* **Data for review**

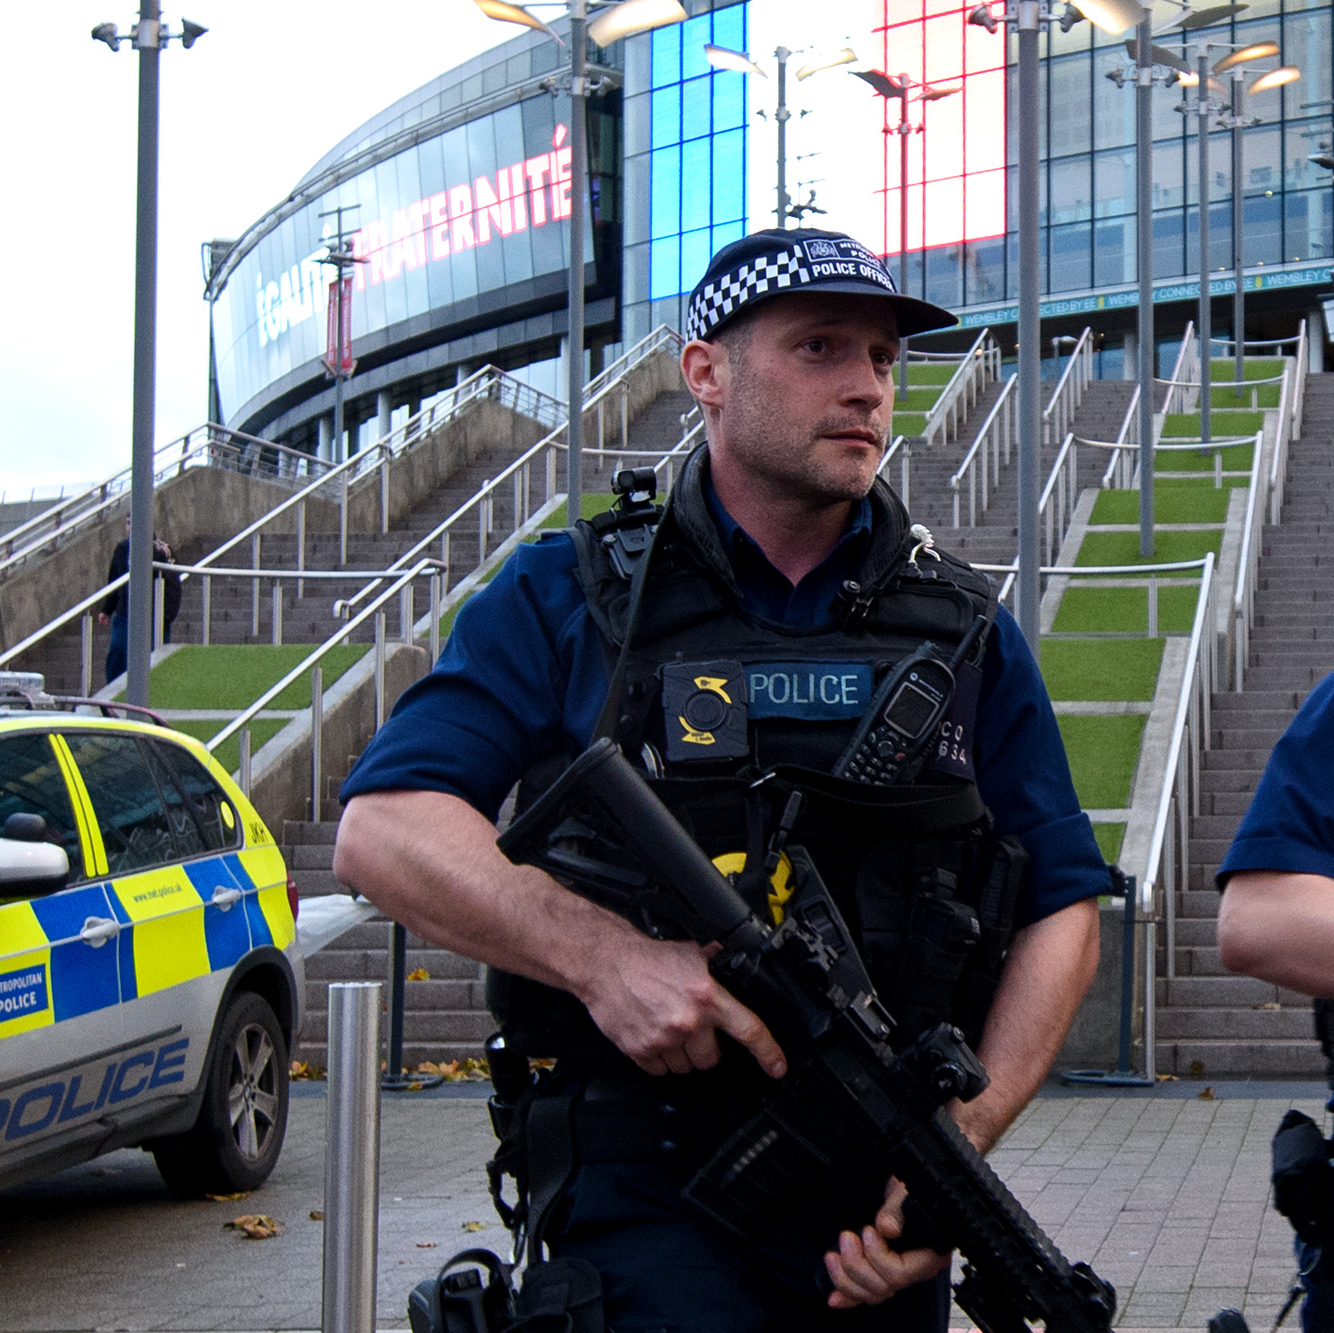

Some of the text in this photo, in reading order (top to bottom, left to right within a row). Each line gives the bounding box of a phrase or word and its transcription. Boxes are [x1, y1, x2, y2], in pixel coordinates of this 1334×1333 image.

[353, 123, 572, 292] FRATERNITÉ
[812, 261, 857, 277] POLICE
[1267, 270, 1320, 287] WEMBLEY
[1159, 281, 1223, 298] CONNECED
[966, 298, 1096, 325] WEMBLEY CECTED BY EE
[750, 673, 859, 704] POLICE
[938, 740, 967, 765] 634

* **Task item**
Return the whole listing exactly, minus its pictures.

* **Exercise output**
Some of the text in this photo, in reading order (top to bottom, left to right within a row). Each line gives the bounding box of a phrase or word and its transcription. Boxes are [x1, y1, x2, y2], in pixel coordinates of this 1334×1333 image.

[353, 123, 572, 292] FRATERNITÉ
[812, 261, 857, 277] POLICE
[1267, 270, 1320, 287] WEMBLEY
[1159, 281, 1223, 298] CONNECED
[966, 298, 1096, 325] WEMBLEY CECTED BY EE
[750, 673, 859, 704] POLICE
[938, 740, 967, 765] 634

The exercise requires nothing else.